▶ _INSTRUCTIONS TO FOLLOW_: This exercise calls for duplicating every entry below exactly, without the images.

▶ _INFORMATION SUPPLIED_:
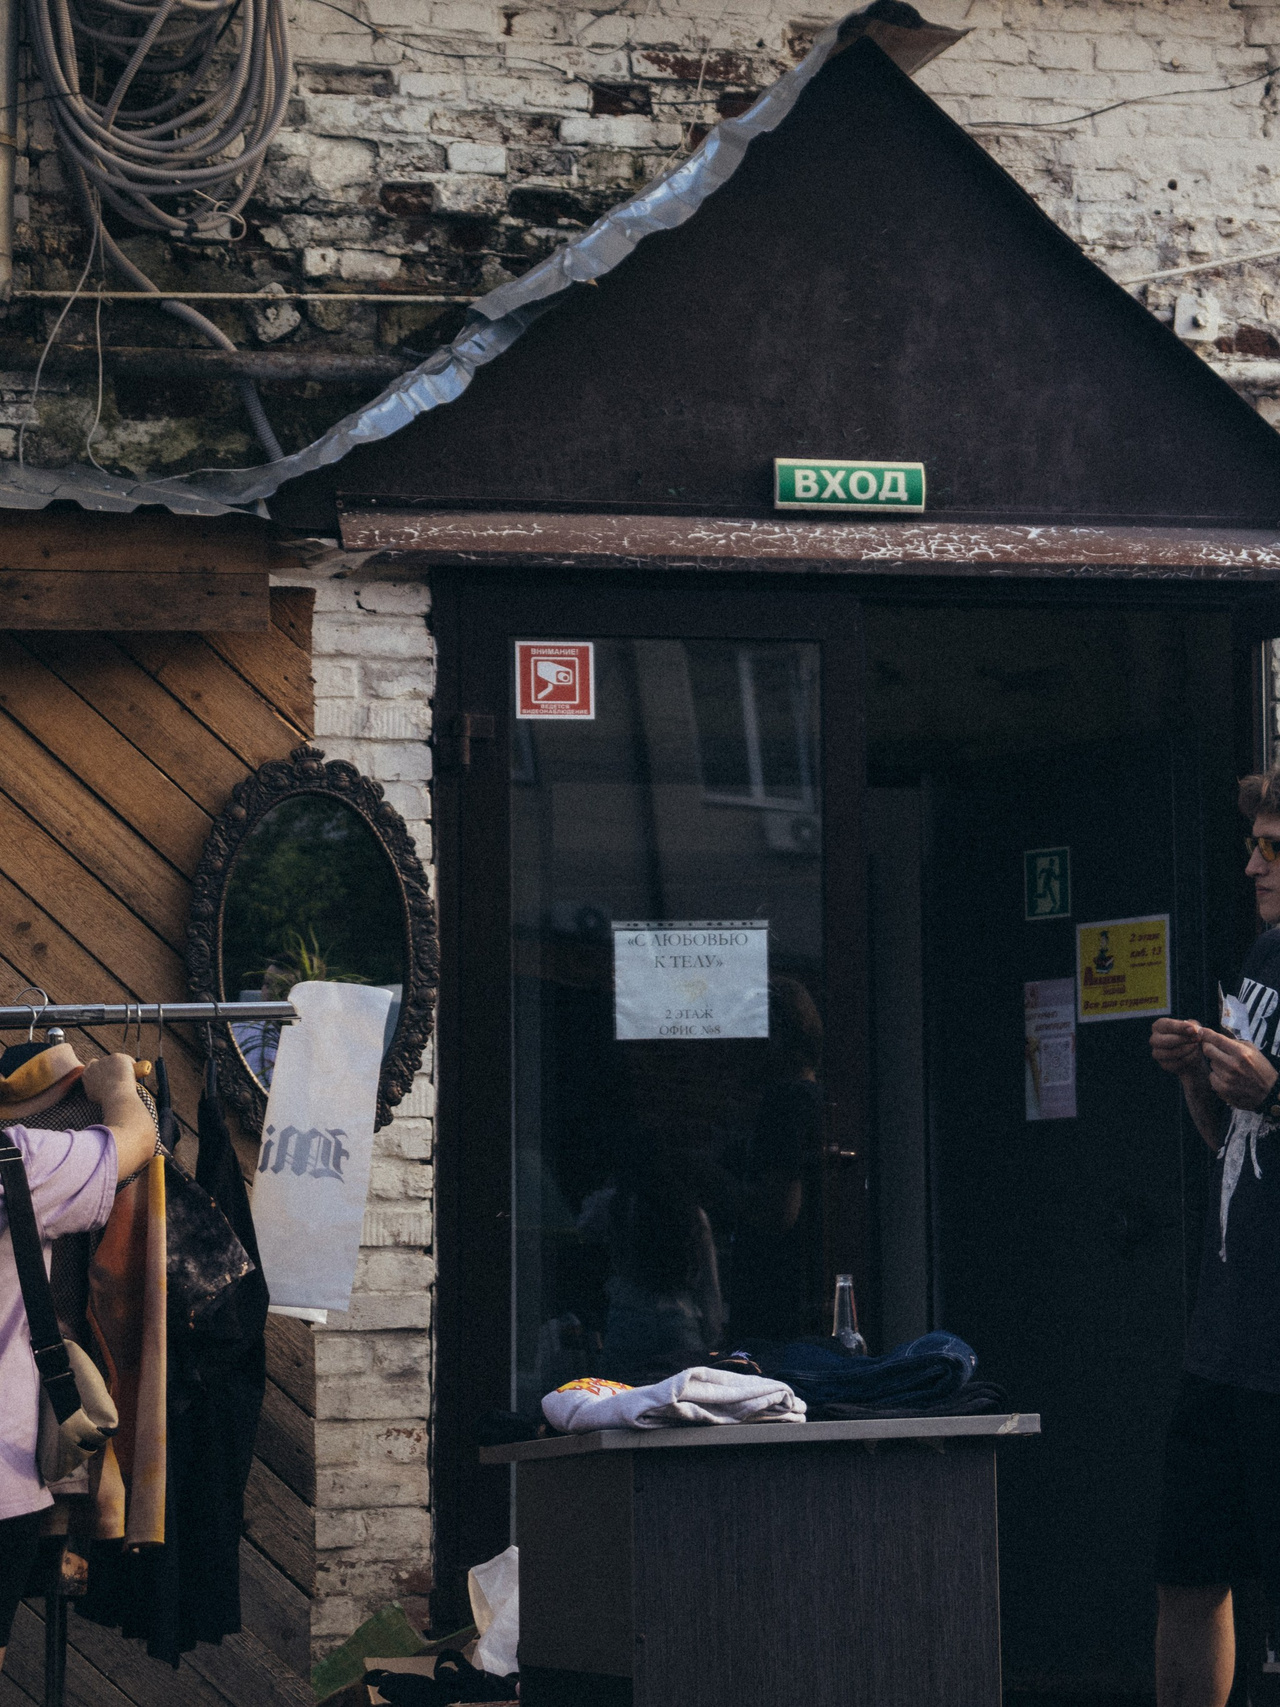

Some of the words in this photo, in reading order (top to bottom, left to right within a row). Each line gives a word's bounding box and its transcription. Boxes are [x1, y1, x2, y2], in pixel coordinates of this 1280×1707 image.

[794, 469, 908, 501] ВХОД
[530, 648, 579, 656] ВНИМАНИЕ!
[652, 933, 748, 947] ЛЮБОВЬЮ
[1130, 933, 1137, 943] 2
[654, 956, 665, 968] К
[669, 955, 724, 969] ТЕЛУ»
[665, 1009, 673, 1019] 2
[674, 1009, 714, 1019] ЭТАЖ
[659, 1025, 698, 1036] ОФИС

▶ _ANSWER TO THE PROBLEM_:
Some of the words in this photo, in reading order (top to bottom, left to right within a row). Each line gives a word's bounding box and its transcription. Boxes are [x1, y1, x2, y2], in pixel coordinates of this 1280×1707 image.

[794, 469, 908, 501] ВХОД
[530, 648, 579, 656] ВНИМАНИЕ!
[652, 933, 748, 947] ЛЮБОВЬЮ
[1130, 933, 1137, 943] 2
[654, 956, 665, 968] К
[669, 955, 724, 969] ТЕЛУ»
[665, 1009, 673, 1019] 2
[674, 1009, 714, 1019] ЭТАЖ
[659, 1025, 698, 1036] ОФИС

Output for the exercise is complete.